METHODS: We performed a prespecified post hoc analysis of ischemic stroke patients screened for DWI-fluid-attenuated inversion recovery (FLAIR) mismatch in WAKE-UP who underwent PWI. We defined PWI-DWI mismatch as ischemic core volume < 70ml, mismatch volume > 10ml, and mismatch ratio > 1.2. Primary efficacy end point was a modified Rankin Scale score of 0-1 at 90 days, adjusted for age and symptom severity.

RESULTS: Of 1,362 magnetic resonance imaging-screened patients, 431 underwent PWI. Of these, 57 (13%) had a double mismatch, 151 (35%) only a DWI-FLAIR mismatch, and 54 (13%) only a PWI-DWI mismatch. DWI-FLAIR mismatch was more prevalent than PWI-DWI mismatch (48%, 95% confidence interval [CI] = 43-53% vs 26%, 95% CI = 22-30%; p < 0.0001). Screening for either one of the mismatch profiles resulted in a yield of 61% (95% CI = 56-65%).
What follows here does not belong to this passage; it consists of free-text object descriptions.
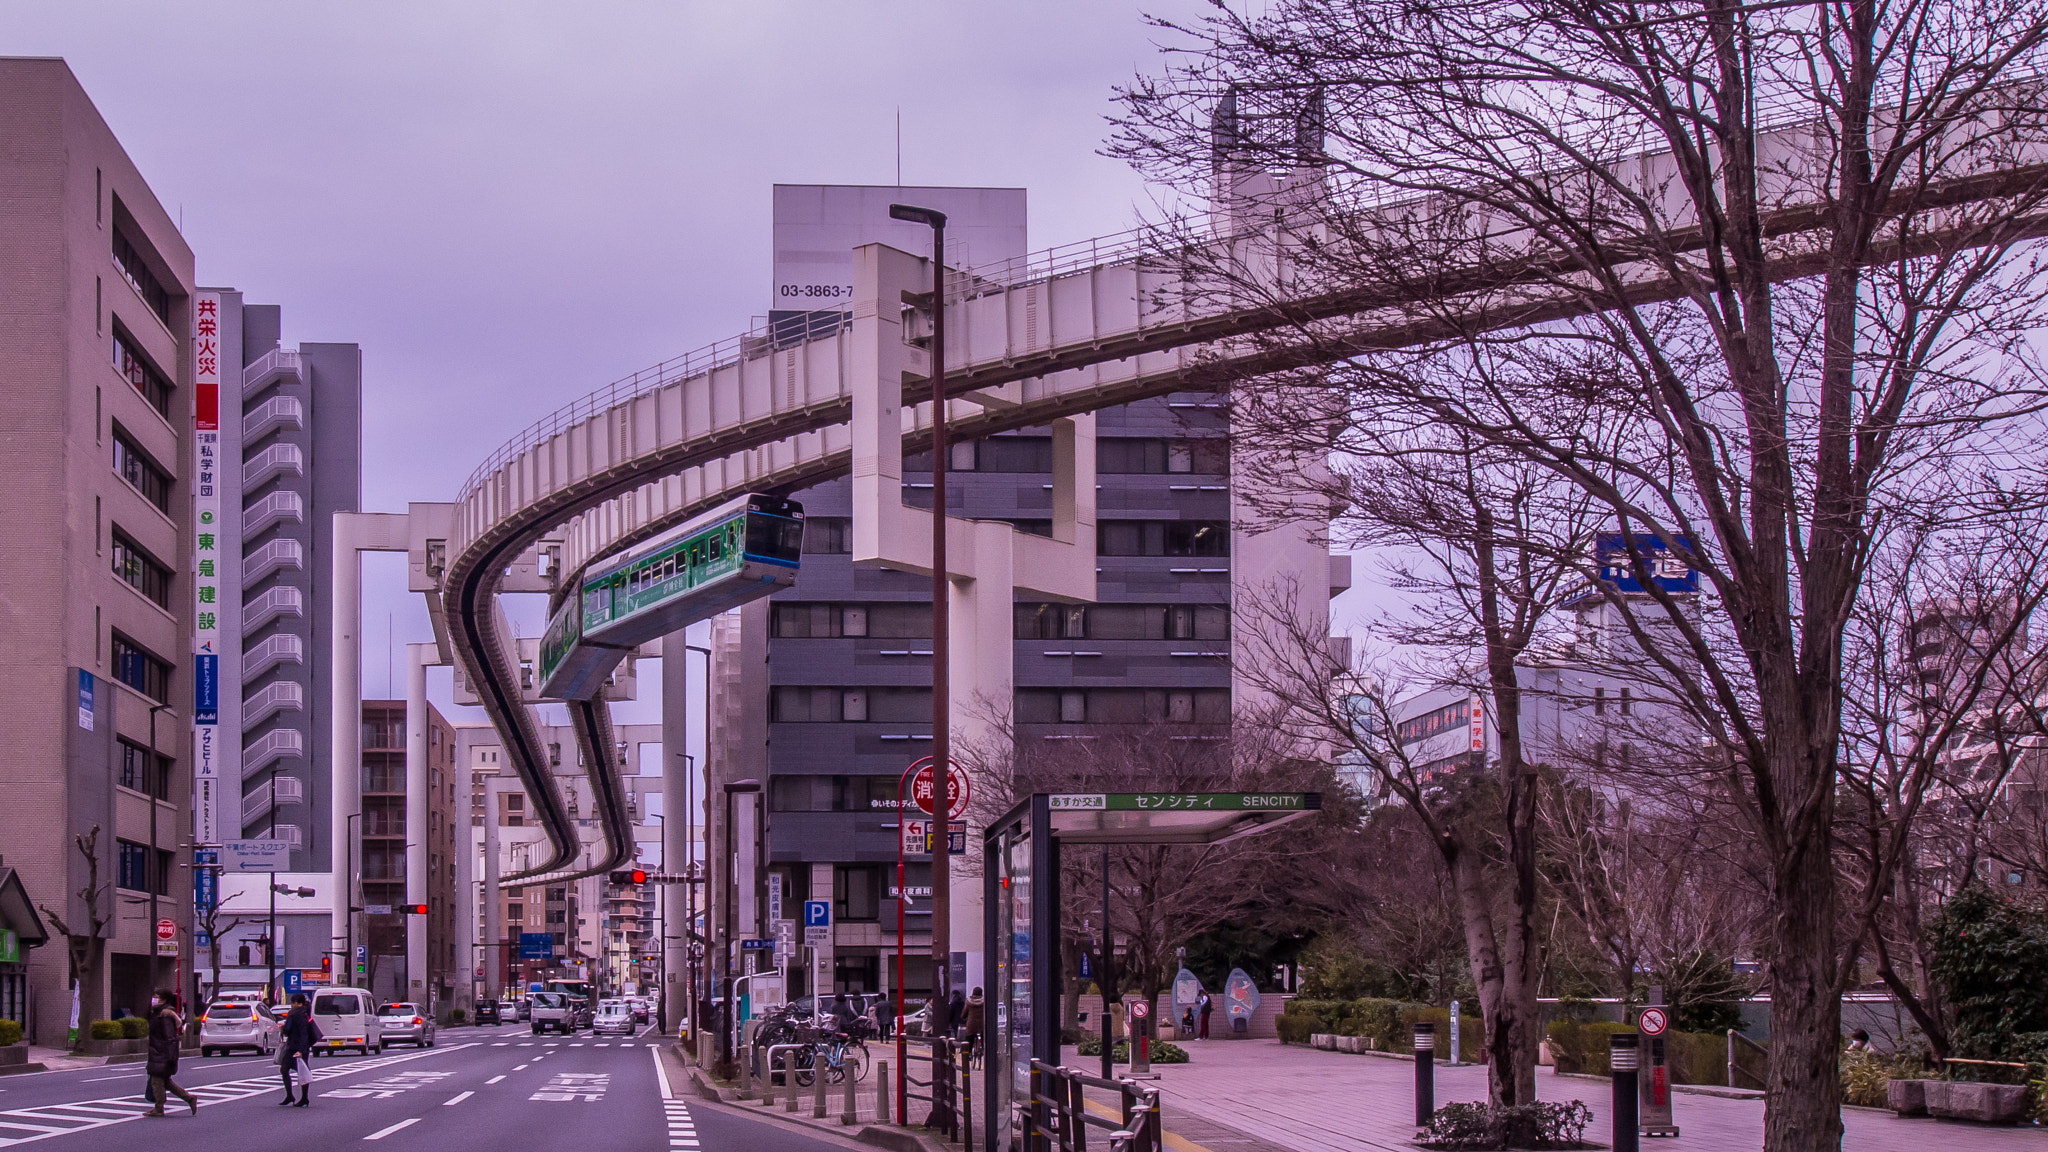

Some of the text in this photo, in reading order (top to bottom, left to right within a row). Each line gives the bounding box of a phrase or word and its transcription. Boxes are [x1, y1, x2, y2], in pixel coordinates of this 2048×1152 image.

[781, 284, 853, 297] 03-3863-7
[198, 299, 216, 376] 共栄火災
[200, 445, 213, 496] 私学財団
[198, 532, 216, 630] 東急建設
[1472, 708, 1482, 748] 第一学院
[202, 728, 211, 774] アサヒビール
[916, 780, 957, 800] 消栓
[1051, 797, 1103, 807] あすか交通
[1136, 795, 1299, 808] センシティ SENCITY
[906, 844, 923, 852] 左折
[891, 887, 930, 895] 和皮膚科
[811, 903, 825, 924] P
Prevalence of PWI-DWI mismatch was similar in patients with (27%) or without (24%) DWI-FLAIR mismatch (p = 0.52). In an exploratory analysis in the small subgroup of 208 randomized patients with PWI, PWI-DWI mismatch status did not modify the treatment response (p for interaction = 0.73).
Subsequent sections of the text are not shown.